Recreate valueOf(double d) in Java's String class

Question

I made an object, MyString. I can't figure out how to recreate valueOf(double d). I recreated valueOf for integers. Just to make it easier I limited the amount of decimal places to 8. How can I recreate valueOf(double d)?

public class MyString {

private char[] a;

public MyString(String s) {
    this.a = s.toCharArray();
}

public MyString(char[] a) {
    this.a = a;
}

public String toString() {
    return new String(a);
}

public int length() {
    return a.length;
}

public char charAt(int i) {
    return a[i];
}
    public static MyString valueOf(int i) {
    int digits = (int)(Math.log10(i)+1);
    char[] b = new char[digits];
    for (int j = 0; j < digits; j++) {
        b[j] = (char) (48 + i / 10);
        i = i % 10;
        if (i < 10) {
            b[j + 1] = (char)(48 + i);
            break;
        }
    }
    MyString ms = new MyString(b);
    return ms;
    }
public static MyString valueOf(double d) {
            char[] d1 = new char[digits];
            //Take each digit of the number and enter it into the array
            MyString ms = new MyString(d1);
    return ms;

}

public static void main(String[] args) {

}

}

Answer 1

I assume you are doing this for fun... so here is the approach I took. You have valueOf(int i) already, so why not basically reuse that function. Just take the double and keep multiplying it by 10 until you have an int. Keep track of where the decimal place goes, then you basically call your valueOf(int i) but also include the decimal point.
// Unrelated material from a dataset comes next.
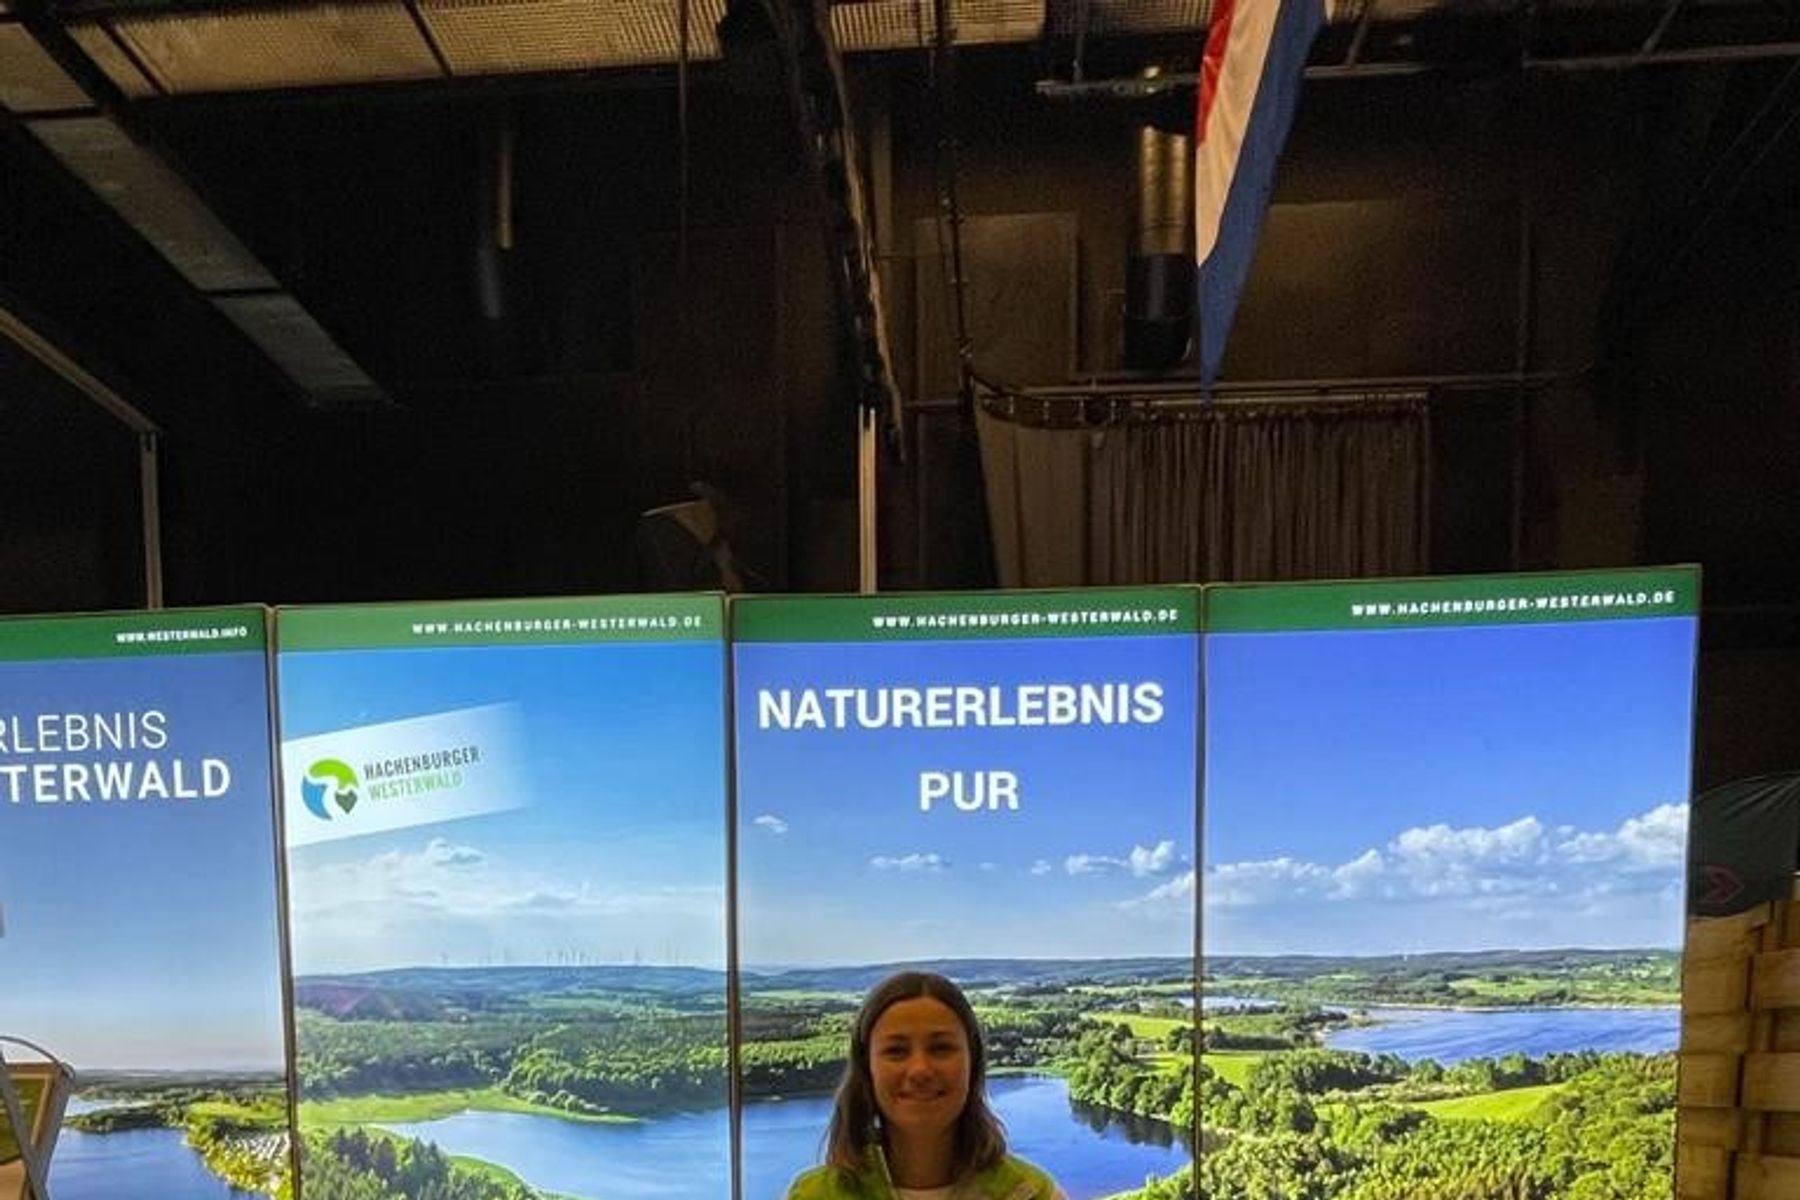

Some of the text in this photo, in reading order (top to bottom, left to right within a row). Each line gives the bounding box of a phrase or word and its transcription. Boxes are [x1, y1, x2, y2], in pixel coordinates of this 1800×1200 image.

I had trouble running your code so I re-did valueOf(int i) then created valueOf(int i, int decimalSpot), passing in -1 or 0 for the decimal spot then it's an integer value and don't use a decimal place.

Anyway, here is what I came up with. It's late, so probably not the cleanest code, but should give you a proof of concept.

public class MyString {

    private char[] a;

    public MyString(String s) {
        this.a = s.toCharArray();
    }

    public MyString(char[] a) {
       this.a = a;
    }

    public String toString() {
        return new String(a);
    }

    public int length() {
        return a.length;
    }

    public char charAt(int i) {
        return a[i];
    }

    public static MyString valueOf(int i) {
        return MyString.valueOf(i,-1);
    }

    public static MyString valueOf(double d) {
        int decimalPlace = 0;

        while (d != (int)d)
        {
            decimalPlace++;
            d = d*10;
        }

        return MyString.valueOf((int)d,decimalPlace);
    }

    public static MyString valueOf(int i, int decimalSpot) {
        int index=0;
        int digits = (int)(Math.log10(i)+1);
        int stringLength=digits;
        if (decimalSpot == 0) decimalSpot=-1; // Don't return 1234. - just return 1234
        if (decimalSpot != -1) 
        {
            // Include an extra spot for the decimal
            stringLength++;
        }
        char[] b = new char[stringLength];
        for (int j = digits-1; j >= 0; j--) {
            int power = (int) Math.pow(10,j);
            int singleDigit = (int) Math.floor(i/power);
            i = i - power*singleDigit;
            b[index++] = (char) (48 + singleDigit);

            if (decimalSpot==j)
            {
                b[index++] = '.';
            }
        }

        MyString ms = new MyString(b);
        return ms;
    }

    public static void main(String[] args) {        
        MyString ms = MyString.valueOf(12345);
        System.out.println(ms);

        ms = MyString.valueOf(12345.12313);
        System.out.println(ms);
    }

}

Answer 2

Rather than trying to solve this problem for every possible source datatype you should be just concentrating on constructing your class from a String. Then all you have to do is delegate this method and all the others you haven't done yet to the corresponding String method in each case, take the resulting String, and construct your object with that String.